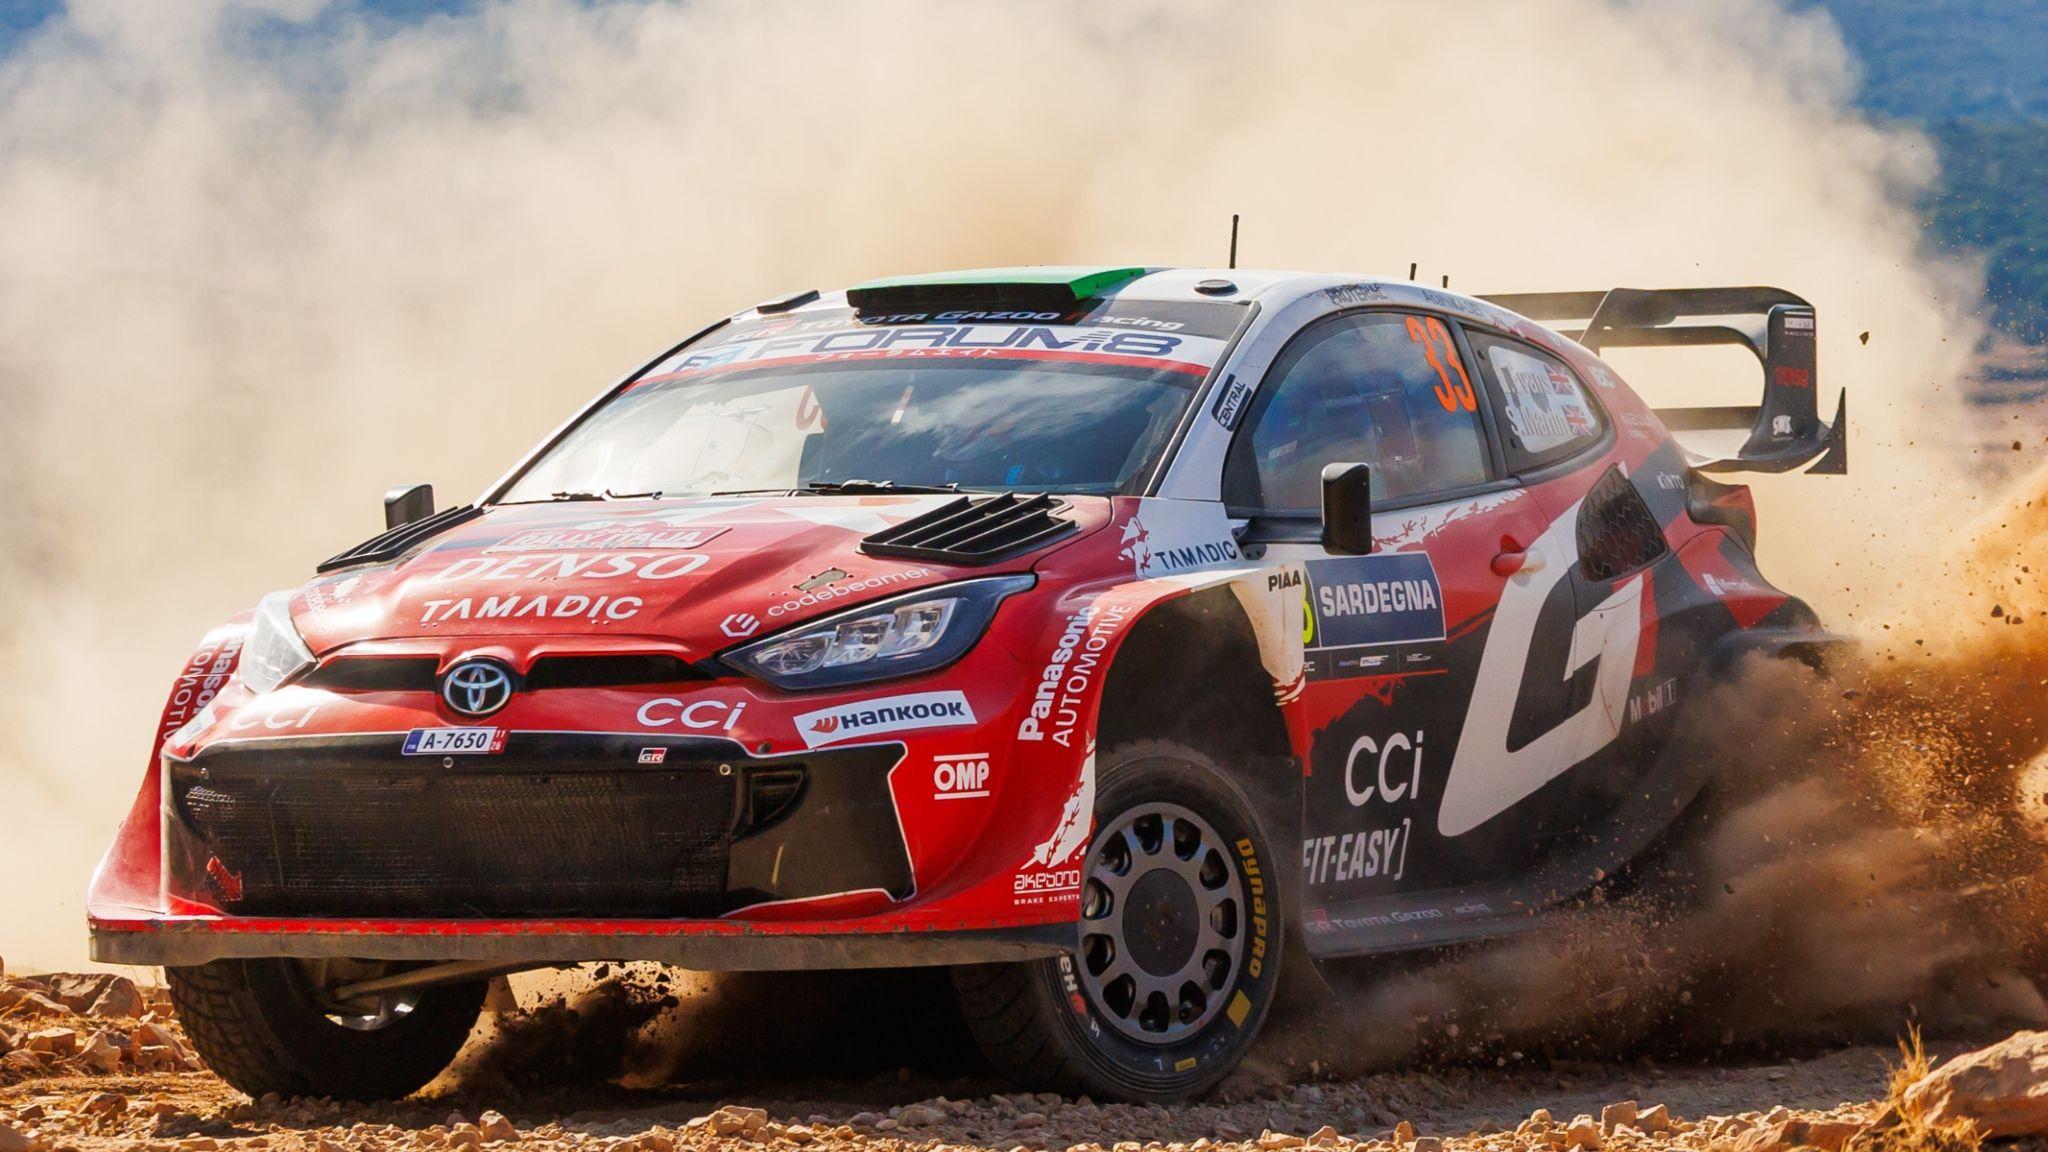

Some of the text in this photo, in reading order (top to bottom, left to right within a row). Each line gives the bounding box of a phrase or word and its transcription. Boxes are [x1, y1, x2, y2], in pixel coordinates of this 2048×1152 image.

[934, 311, 1060, 322] GAZOO
[750, 326, 1182, 358] FORUM8
[1405, 316, 1476, 413] 33
[1217, 381, 1246, 428] CENTRAL
[430, 552, 711, 583] DENSO
[1155, 540, 1238, 570] TAMADIC
[767, 567, 930, 617] codebeamer
[1268, 570, 1302, 592] PIAA
[421, 595, 643, 622] TAMADIC
[1319, 579, 1437, 618] SARDEGNA
[1017, 605, 1101, 741] Panasonic
[1052, 605, 1132, 748] AUTOMOTIVE
[637, 698, 747, 730] CCi
[423, 732, 488, 749] A-7650
[641, 752, 664, 763] GR
[1345, 730, 1424, 807] CCi
[933, 760, 990, 791] OMP
[1014, 894, 1080, 905] BRAKE EXPERTS
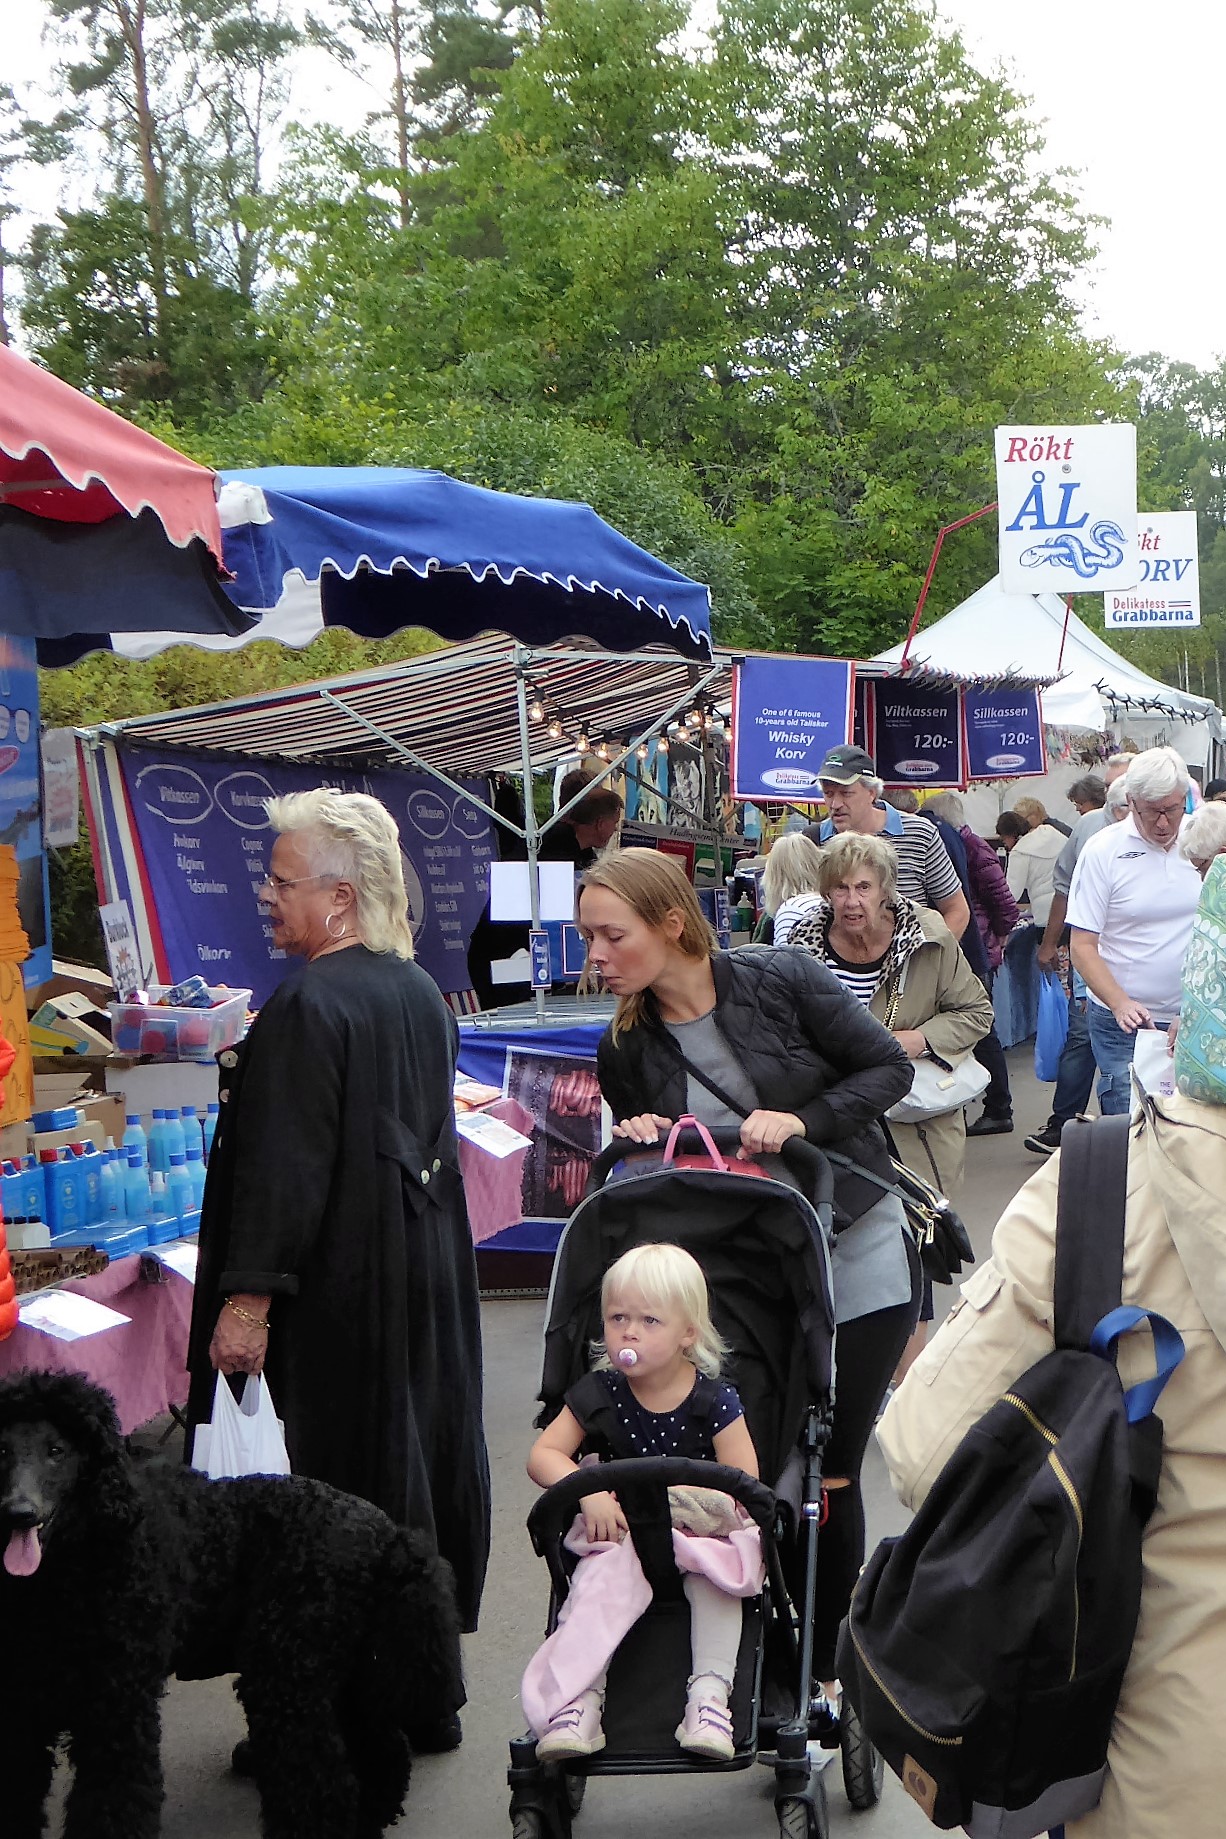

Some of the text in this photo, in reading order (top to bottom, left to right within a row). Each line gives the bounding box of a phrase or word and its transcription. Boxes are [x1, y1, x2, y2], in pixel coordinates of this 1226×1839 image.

[1004, 435, 1074, 463] Rökt
[1005, 470, 1090, 532] ÅL
[1138, 533, 1161, 551] kt
[1138, 558, 1194, 582] ORV
[1113, 597, 1166, 609] Delikatess
[1112, 609, 1194, 622] Grabbarna
[762, 708, 821, 719] One of 6 famous
[884, 705, 948, 718] Viltkassen
[973, 707, 1029, 720] Sillkassen
[754, 717, 829, 728] 10-years old Talisker
[768, 730, 815, 746] Whisky
[913, 734, 954, 748] 120:-
[1000, 732, 1035, 746] 120:-
[775, 747, 807, 760] Korv

EXERCISE OBJECTIVE:
Could you transcribe every entry exactly, leaving out the pictures?

RESULT OF THE TASK:
Some of the text in this photo, in reading order (top to bottom, left to right within a row). Each line gives the bounding box of a phrase or word and its transcription. Boxes are [x1, y1, x2, y2], in pixel coordinates of this 2048×1152 image.

[934, 311, 1060, 322] GAZOO
[750, 326, 1182, 358] FORUM8
[1405, 316, 1476, 413] 33
[1217, 381, 1246, 428] CENTRAL
[430, 552, 711, 583] DENSO
[1155, 540, 1238, 570] TAMADIC
[767, 567, 930, 617] codebeamer
[1268, 570, 1302, 592] PIAA
[421, 595, 643, 622] TAMADIC
[1319, 579, 1437, 618] SARDEGNA
[1017, 605, 1101, 741] Panasonic
[1052, 605, 1132, 748] AUTOMOTIVE
[637, 698, 747, 730] CCi
[423, 732, 488, 749] A-7650
[641, 752, 664, 763] GR
[1345, 730, 1424, 807] CCi
[933, 760, 990, 791] OMP
[1014, 894, 1080, 905] BRAKE EXPERTS

Some of the text in this photo, in reading order (top to bottom, left to right within a row). Each line gives the bounding box of a phrase or word and its transcription. Boxes are [x1, y1, x2, y2], in pixel coordinates of this 1226×1839 image.

[1004, 435, 1074, 463] Rökt
[1005, 470, 1090, 532] ÅL
[1138, 533, 1161, 551] kt
[1138, 558, 1194, 582] ORV
[1113, 597, 1166, 609] Delikatess
[1112, 609, 1194, 622] Grabbarna
[762, 708, 821, 719] One of 6 famous
[884, 705, 948, 718] Viltkassen
[973, 707, 1029, 720] Sillkassen
[754, 717, 829, 728] 10-years old Talisker
[768, 730, 815, 746] Whisky
[913, 734, 954, 748] 120:-
[1000, 732, 1035, 746] 120:-
[775, 747, 807, 760] Korv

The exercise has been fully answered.